> _Data excerpts_
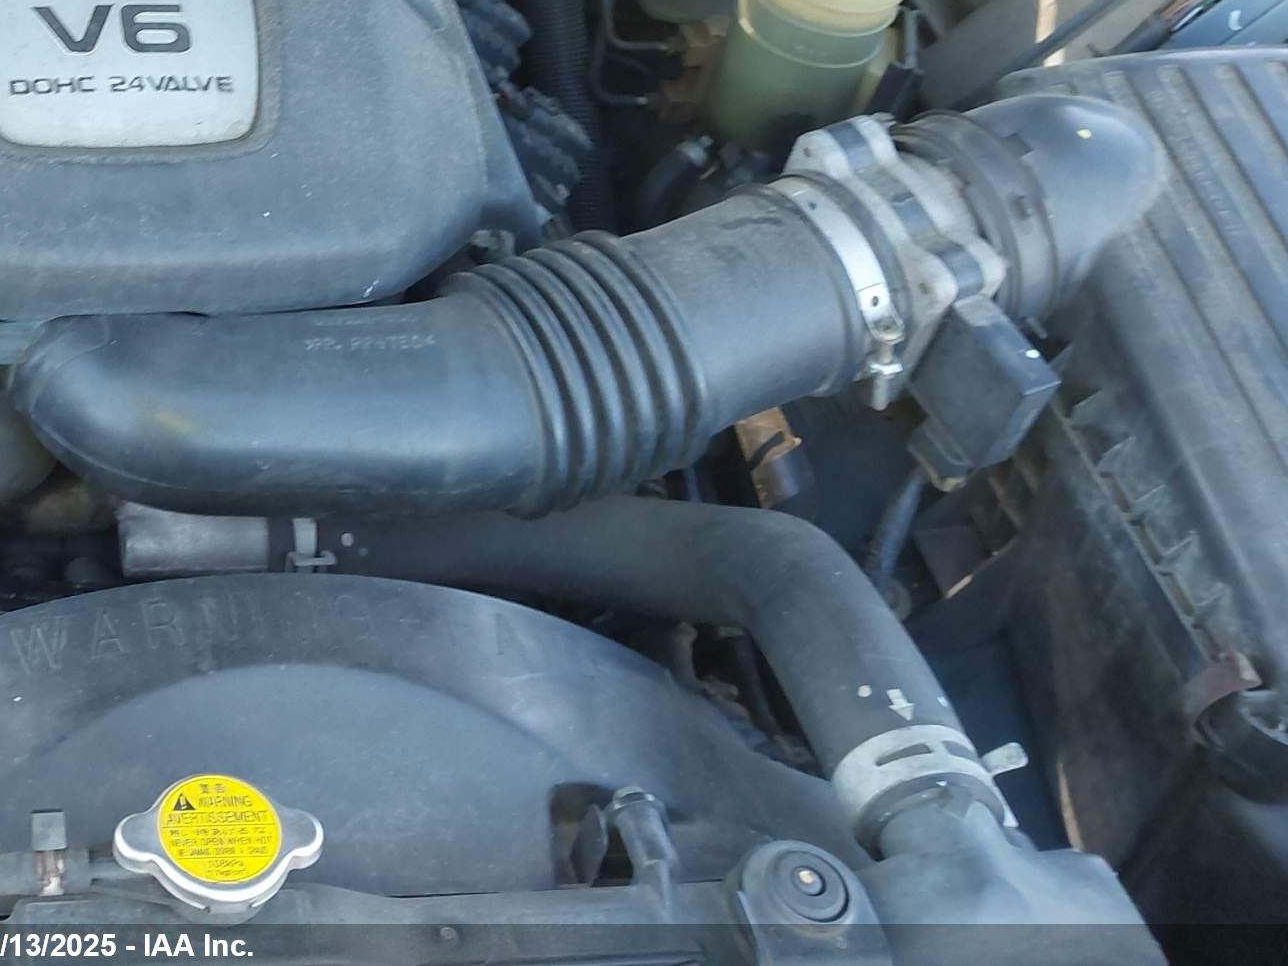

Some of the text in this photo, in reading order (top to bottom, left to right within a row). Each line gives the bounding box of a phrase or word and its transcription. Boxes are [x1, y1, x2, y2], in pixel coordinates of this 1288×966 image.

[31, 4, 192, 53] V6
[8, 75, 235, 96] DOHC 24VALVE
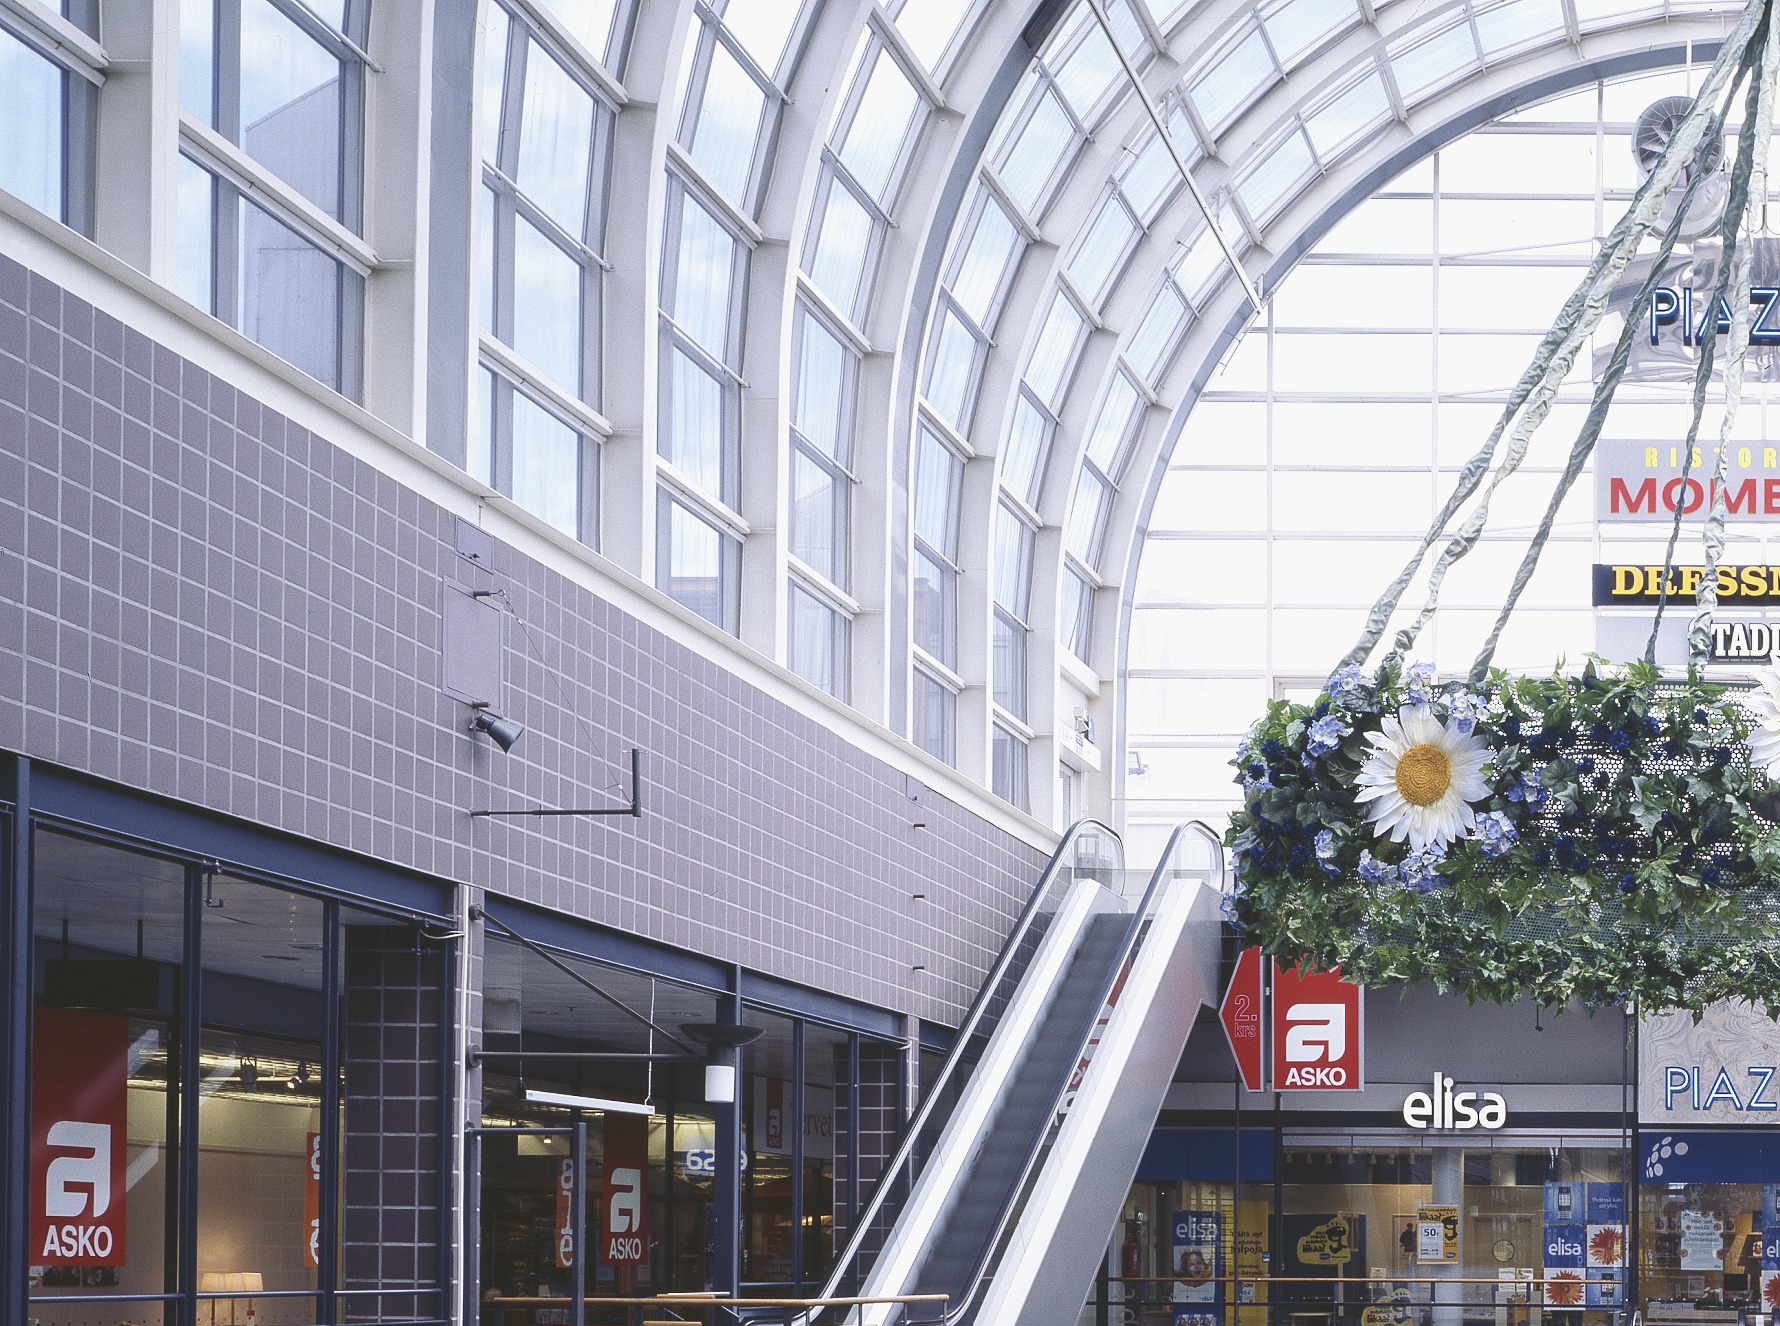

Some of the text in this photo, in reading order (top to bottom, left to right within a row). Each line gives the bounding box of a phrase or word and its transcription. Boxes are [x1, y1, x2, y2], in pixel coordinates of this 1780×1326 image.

--

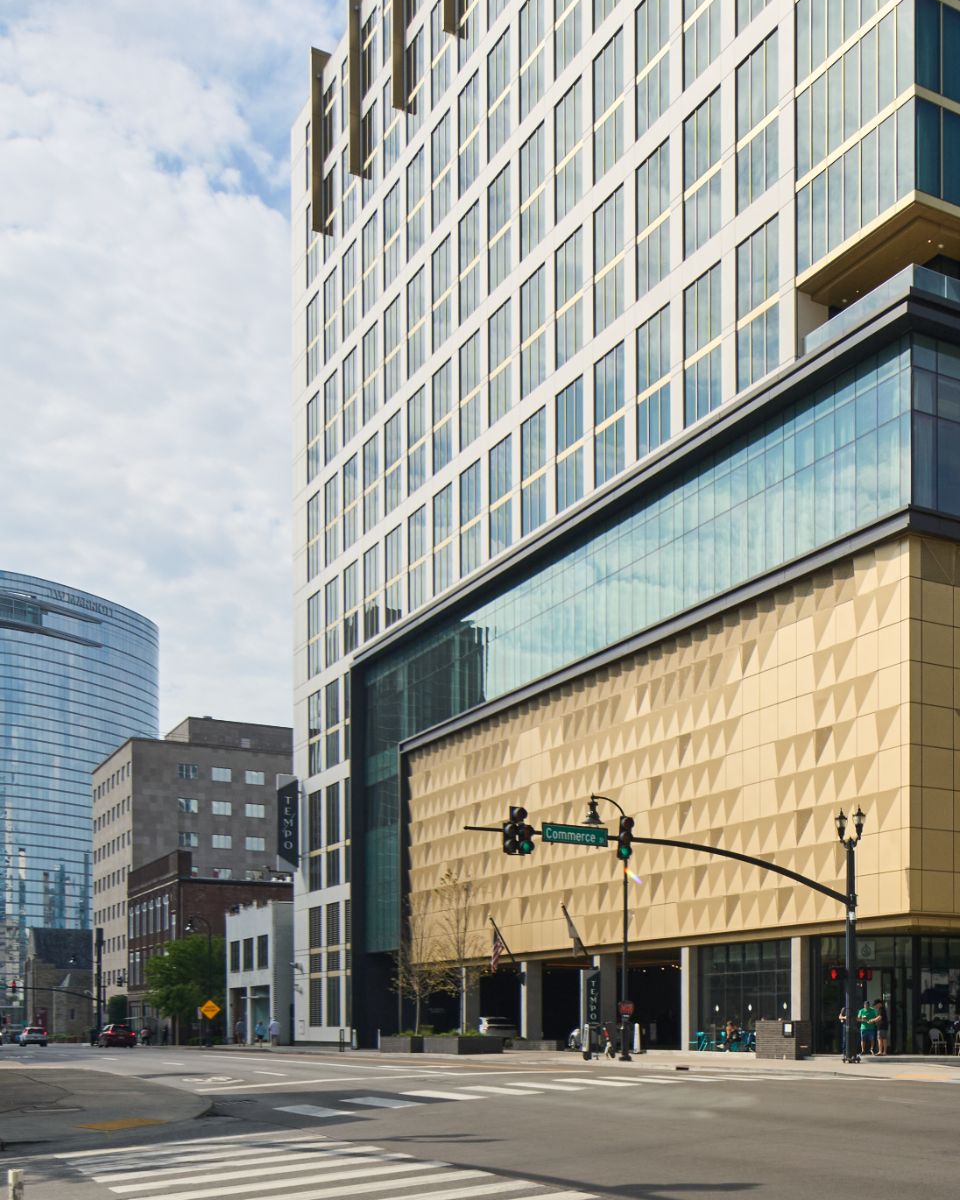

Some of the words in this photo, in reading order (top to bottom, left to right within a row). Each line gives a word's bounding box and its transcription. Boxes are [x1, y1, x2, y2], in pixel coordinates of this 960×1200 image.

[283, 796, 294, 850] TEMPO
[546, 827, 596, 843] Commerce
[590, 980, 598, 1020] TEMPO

> _The problem_
Exercise for the records above: copy only the lines from the one with "this 1288×966 image." to the one with "this 1780×1326 image.", both ends kept, and drop the pictures.

> _Task answer_
Some of the text in this photo, in reading order (top to bottom, left to right within a row). Each line gives the bounding box of a phrase or word and its transcription. Boxes are [x1, y1, x2, y2], in pixel coordinates of this 1288×966 image.

[31, 4, 192, 53] V6
[8, 75, 235, 96] DOHC 24VALVE

Some of the text in this photo, in reading order (top to bottom, left to right within a row). Each line gives the bounding box of a phrase or word and its transcription. Boxes are [x1, y1, x2, y2], in pixel coordinates of this 1780×1326 image.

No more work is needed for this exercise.